NCAA basketball brackets you can share
Copy the Google Docs and Spreadsheets version of the 2009 NCAA Basketball Tournament brackets, and let friends and co-workers make their selections online.
It's that time of year again: days are getting longer, the weather's warming up (a bit), and 65 college basketball teams are hoping to be the last ones standing when the buzzer sounds, ending the last of the NCAA Men's Basketball Tournament's 64 games.
For last year's March Madness, I created a version of the tournament brackets on Google Docs and Spreadsheets, and invited readers to download it to make and share their picks. This year's version of the brackets spreadsheet includes a form you can use to make your picks and post them to the public version of the spreadsheets.
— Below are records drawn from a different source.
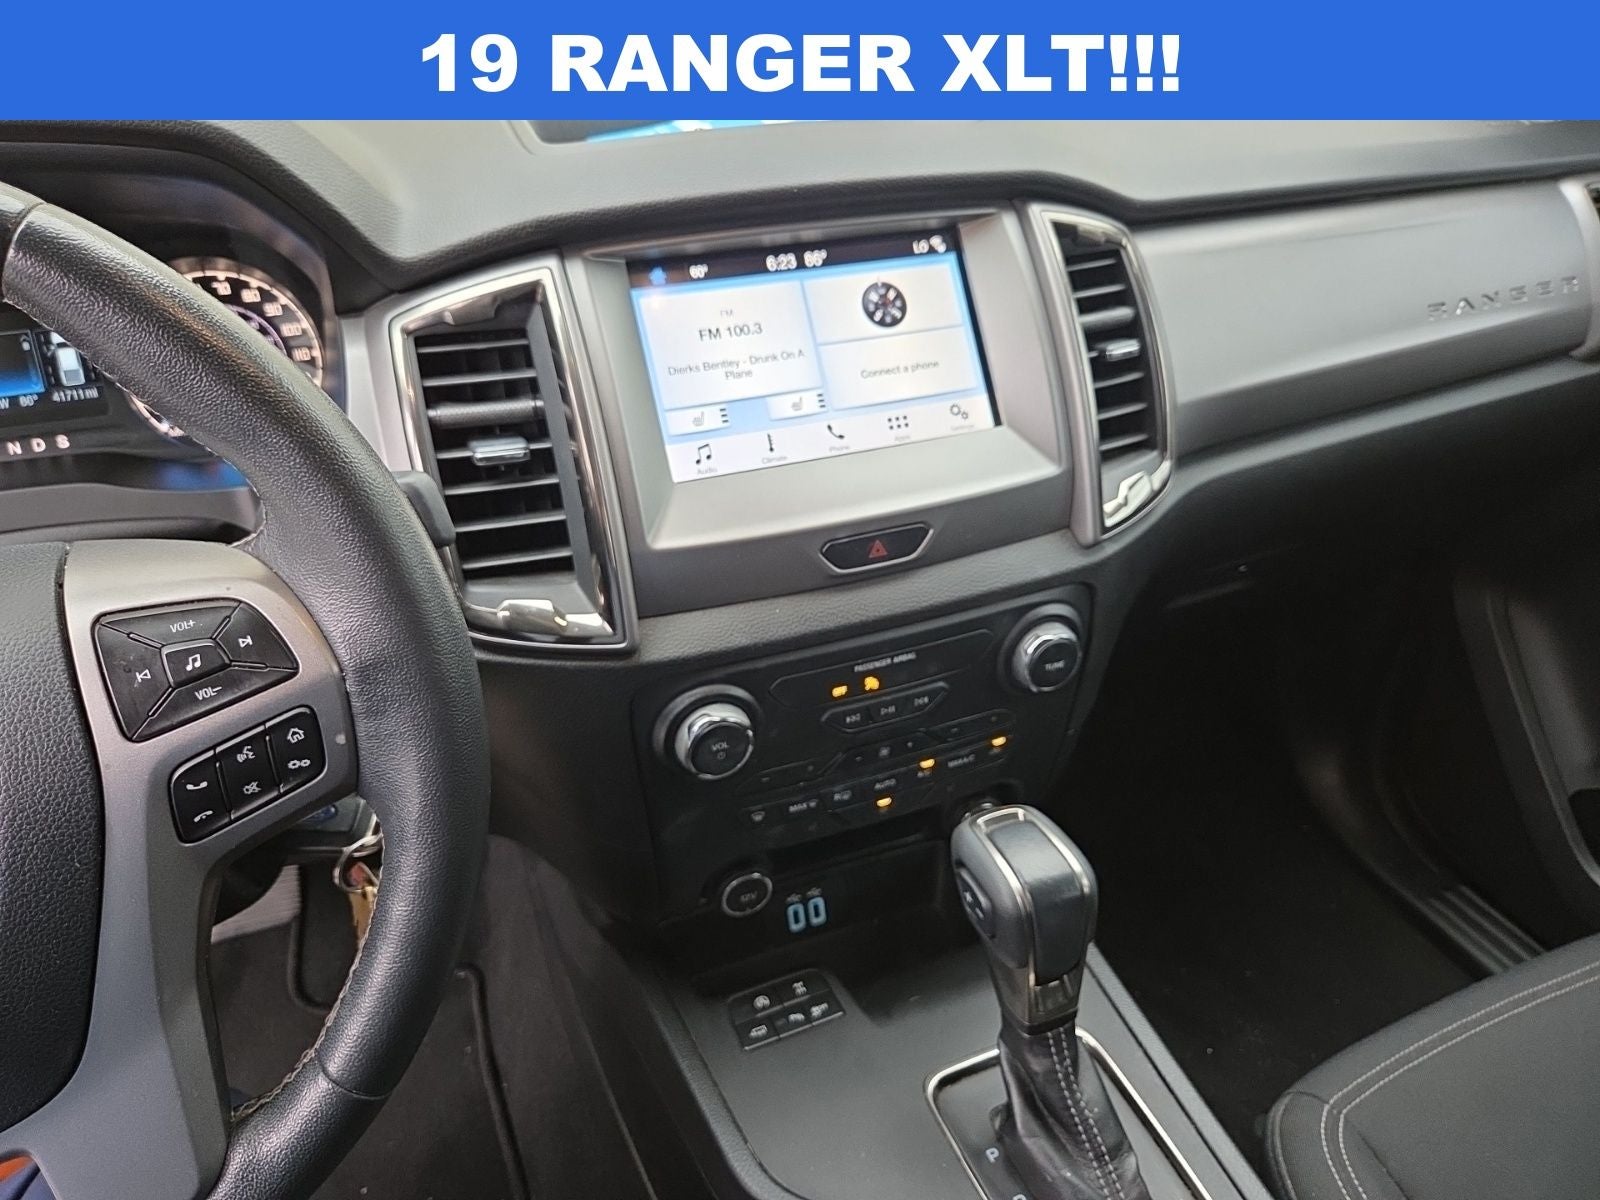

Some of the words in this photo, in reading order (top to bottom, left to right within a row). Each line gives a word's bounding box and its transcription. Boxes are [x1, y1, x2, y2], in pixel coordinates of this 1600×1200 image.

[766, 253, 797, 272] 6:23
[698, 326, 722, 342] FM
[726, 322, 764, 338] 100.3
[668, 363, 701, 377] Dierks
[702, 357, 741, 372] Bentley
[749, 351, 780, 366] Drunk
[780, 350, 796, 361] On
[798, 348, 806, 358] A
[860, 366, 901, 379] Connect
[911, 360, 940, 374] phone
[724, 369, 753, 381] Plane
[6, 441, 22, 456] N
[30, 437, 46, 452] D
[55, 434, 70, 449] S
[169, 619, 196, 633] VOL+
[711, 741, 730, 752] VOL
[985, 1147, 999, 1163] P
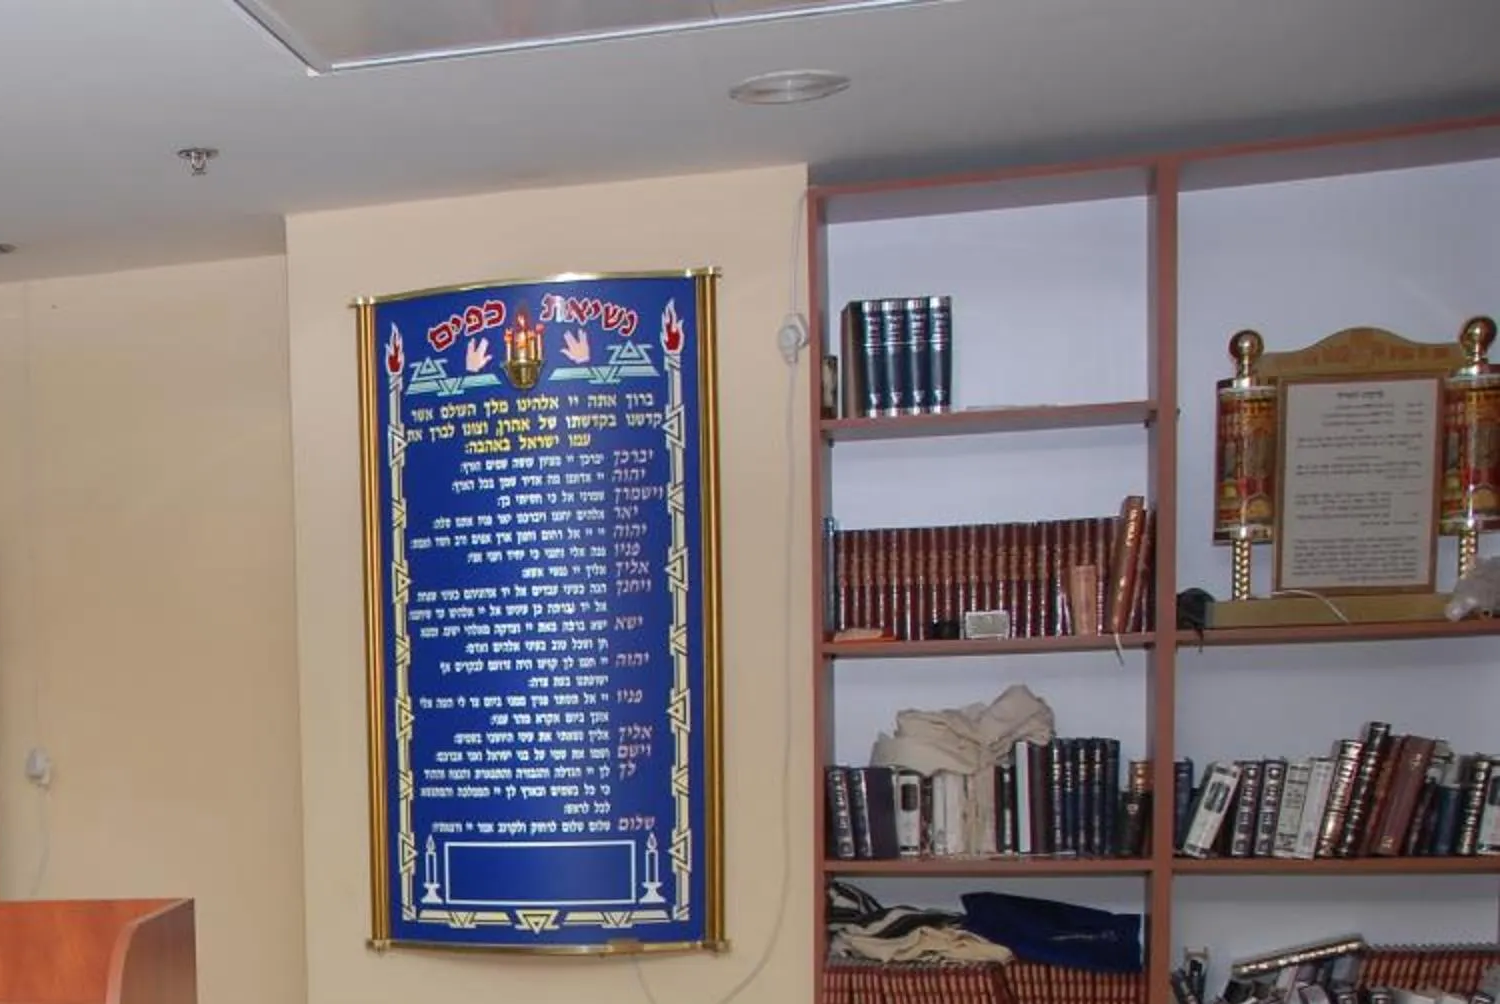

(Note that a bug in the form moves the 1 vs. 16 and 3 vs. 14 games of the South region's first round to the finals and regional sections, respectively. I couldn't figure out why those two games kept jumping to the end of the queue, so I left them there for now. I'll try to get them back in line prior to Thursday's tip-off.)
You won't win a major prize, if your selections are the most accurate; I'm just a poor blogger, after all, not a multimillion-dollar sports network. If it's fame and fortune you're after, you'll find no shortage of sites that let you compete with thousands or millions of other b-ball prognosticators.
The online files I created are just for fun, as you'll probably discern after you get a load of my off-the-wall selections. The form that accompanies the brackets uses simple two-item drop-down menus for recording your winners in the first round and text boxes for entering your selections in subsequent rounds.
You may notice that in my picks, I stuck with the chalk most of the time. Last year, I was picking upsets left and right, only to have the four No. 1 seeds make it to the the Final Four. I don't see all the top seeds making it to Detroit this year, though I did pick two No. 1s and two No. 2s.
And who do I think is going to win it all this year? None other than Oklahoma over Connecticut in the final. You heard it here first.